The second transposon design, the Double-Barrel transposon (<DBT>, Figure 1B), encodes green and red fluorescent proteins (GFP and DsRed) in opposite orientations. This means that any <DBT> insertion within another protein coding sequence has a 1:3 chance of being in-frame regardless of its orientation. Therefore, <DBT> should double the efficiency of random fusion protein generation, by producing equal numbers of GFP and DsRed fusions.
In addition to their antiparallel orientation, the GFP and DsRed coding sequences in <DBT> each use a different relative reading frame through the Tn5 MEs. As in <EYOR>, GFP fusion proteins are created by insertions after the third nucleotide of a target codon. The DsRed coding sequence, however, has been shifted by 1 nucleotide relative to the Tn5 MEs. Therefore, DsRed fusion proteins are generated by transposon insertions between the second and third nucleotides. Using different reading frames for GFP and DsRed doubles the total number of insertion sites in the target coding sequence from which fusion proteins could potentially be made. While this does not alter the frequency of in-frame insertions, it does reduce the screening cost of saturating a target clone by increasing the probability of recovering unique in-frame insertions.

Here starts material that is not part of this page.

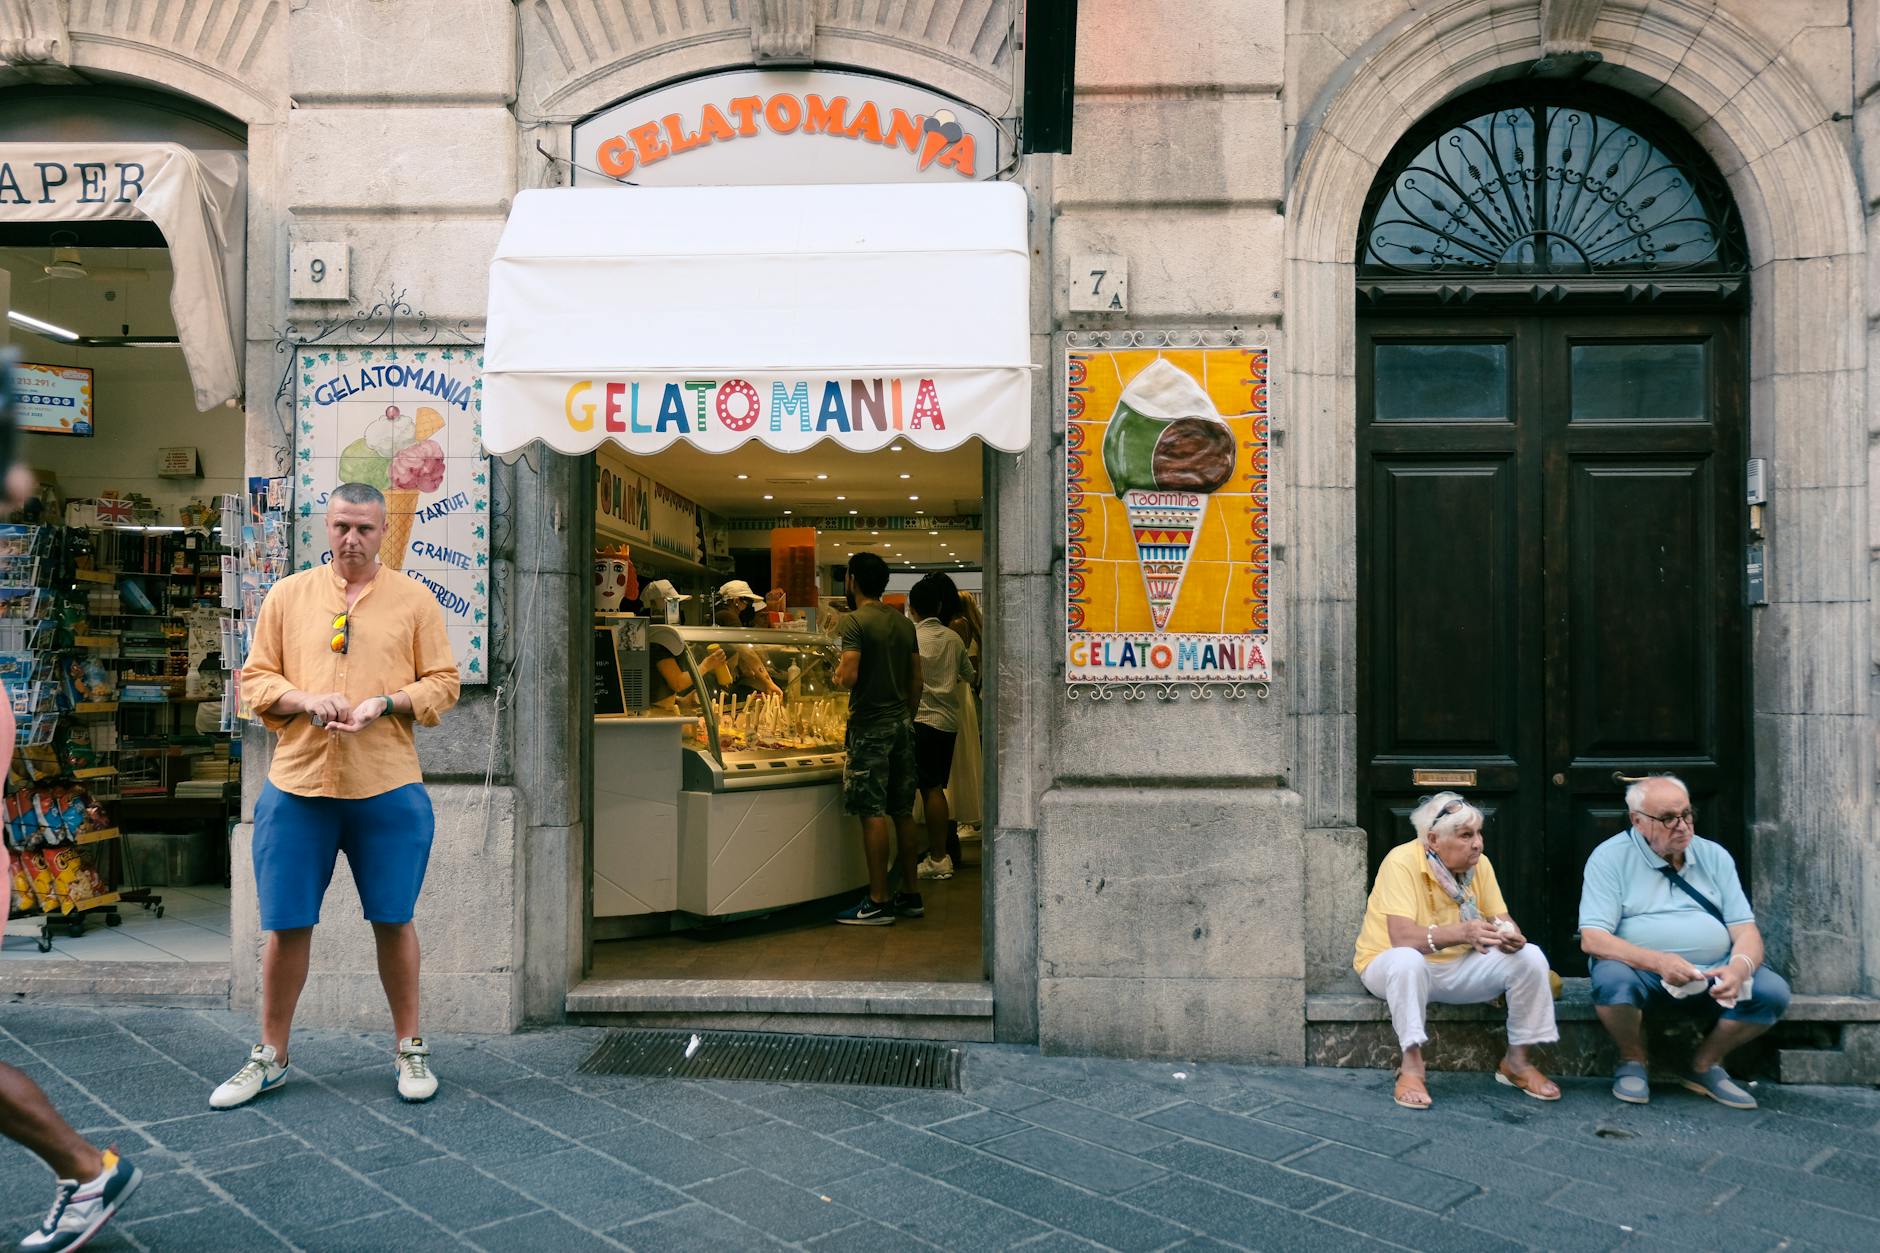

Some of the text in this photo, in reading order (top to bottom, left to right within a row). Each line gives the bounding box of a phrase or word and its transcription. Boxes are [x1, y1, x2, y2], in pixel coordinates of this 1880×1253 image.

To test the efficiency of fusion protein generation with the <DBT> transposon, we targeted pCMVI-9, a CMV expression plasmid carrying cDNA encoding the type 1 IP3 receptor (IP3R) [14]. The IP3R is a ligand gated Ca2+ channel, composed of 4 homomeric subunits, expressed within the membranes of the endoplasmic reticulum. Each IP3R subunit is over 2700 amino acids, and creating a full-length fluorescent IP3R fusion protein with such a large cDNA presents a formidable challenge for traditional molecular biological techniques. The high ratio of coding sequence to vector makes it an excellent target for transposition, however, with a predicted frequency of in-frame insertions of ~11% per fluorophore for <DBT>. At 24 hrs post-transfection, visual screening for fluorescence of 288 AmpR + KanR clones in HEK-293 cells identified 44 clones that produced green fluorescent proteins. Of these, 35 displayed a uniform cytoplasmic distribution and exclusion from the nucleus (Figure 3A), 3 showed fluorescence throughout the entire cell and 6 were too dim to determine any sub-cellular localization. Screening at several time points between 2 and 4 days post-transfection identified 7 clones producing red fluorescent proteins, 2 of which were clearly excluded from the nucleus (Figure 3B). The remaining 5 red proteins were too dim to determine any sub-cellular localization. Sequencing out of the transposon confirmed that 41 of the clones encoding green proteins (~14%) and 2 clones encoding red proteins represented in-frame insertions. Consistent with the results of the Prestin transposition, all of the proteins with sub-cellular localization different from that seen with GFP alone were the product of in-frame insertions. After digestion and religation, only 20 of the full-length fusion proteins retained detectable levels of fluorescence (18 green, 2 red). These full-length proteins displayed a dramatic shift in their distribution, with clear ER localization (Figure 3C).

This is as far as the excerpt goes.